Physics Informed Neural Network using Finite Difference Method

TL;DR

This paper introduces a finite difference method-based physics-informed neural network (PINN) that simplifies implementation and improves computational efficiency while maintaining accuracy, demonstrated through experiments on Laplace's and Burger's equations.

Contribution

It proposes using finite difference methods for PDE loss estimation in PINNs, offering a low-cost, efficient alternative to automatic differentiation.

Findings

FDM-based PINN outperforms non-PINN deep learning models.

FDM PINN is faster than AD-based PINN.

FDM PINN achieves comparable error reduction to AD-based PINN.

Abstract

In recent engineering applications using deep learning, physics-informed neural network (PINN) is a new development as it can exploit the underlying physics of engineering systems.

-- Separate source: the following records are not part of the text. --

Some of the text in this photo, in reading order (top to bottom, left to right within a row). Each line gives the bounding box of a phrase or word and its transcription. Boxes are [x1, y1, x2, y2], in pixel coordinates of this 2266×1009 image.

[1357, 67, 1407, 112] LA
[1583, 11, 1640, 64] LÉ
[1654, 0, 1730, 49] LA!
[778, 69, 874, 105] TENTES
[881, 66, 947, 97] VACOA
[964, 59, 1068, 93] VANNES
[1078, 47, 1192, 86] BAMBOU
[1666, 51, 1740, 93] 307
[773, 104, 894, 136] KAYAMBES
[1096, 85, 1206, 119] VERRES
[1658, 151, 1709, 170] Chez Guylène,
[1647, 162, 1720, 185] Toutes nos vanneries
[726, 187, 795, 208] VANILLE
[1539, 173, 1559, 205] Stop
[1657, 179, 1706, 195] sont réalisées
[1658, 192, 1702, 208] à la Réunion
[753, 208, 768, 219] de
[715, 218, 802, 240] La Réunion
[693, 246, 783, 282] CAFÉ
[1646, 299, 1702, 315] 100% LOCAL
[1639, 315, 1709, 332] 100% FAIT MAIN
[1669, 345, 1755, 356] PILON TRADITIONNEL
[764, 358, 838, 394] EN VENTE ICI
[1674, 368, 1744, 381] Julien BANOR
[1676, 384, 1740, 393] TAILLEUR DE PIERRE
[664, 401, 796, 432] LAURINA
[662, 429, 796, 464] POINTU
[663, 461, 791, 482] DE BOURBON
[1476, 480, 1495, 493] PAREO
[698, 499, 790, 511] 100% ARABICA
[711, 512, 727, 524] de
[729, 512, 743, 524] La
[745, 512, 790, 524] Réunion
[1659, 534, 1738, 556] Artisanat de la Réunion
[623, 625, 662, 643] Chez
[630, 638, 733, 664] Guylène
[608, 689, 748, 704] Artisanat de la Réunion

The novelty of PINN lies in the use of partial differential equations (PDE) for the loss function. Most PINNs are implemented using automatic differentiation (AD) for training the PDE loss functions. A lesser well-known study is the use of finite difference method (FDM) as an alternative. Unlike an AD based PINN, an immediate benefit of using a FDM based PINN is low implementation cost. In this paper, we propose the use of finite difference method for estimating the PDE loss functions in PINN. Our work is inspired by computational analysis in electromagnetic systems that traditionally solve Laplace's equation using successive over-relaxation. In the case of Laplace's equation, our PINN approach can be seen as taking the Laplacian filter response of the neural network output as the loss function. Thus, the implementation of PINN can be very simple. In our experiments, we tested PINN on Laplace's equation and Burger's equation. We showed that using FDM, PINN consistently outperforms non-PINN based deep learning. When comparing to AD based PINNs, we showed that our method is faster to compute as well as on par in terms of error reduction.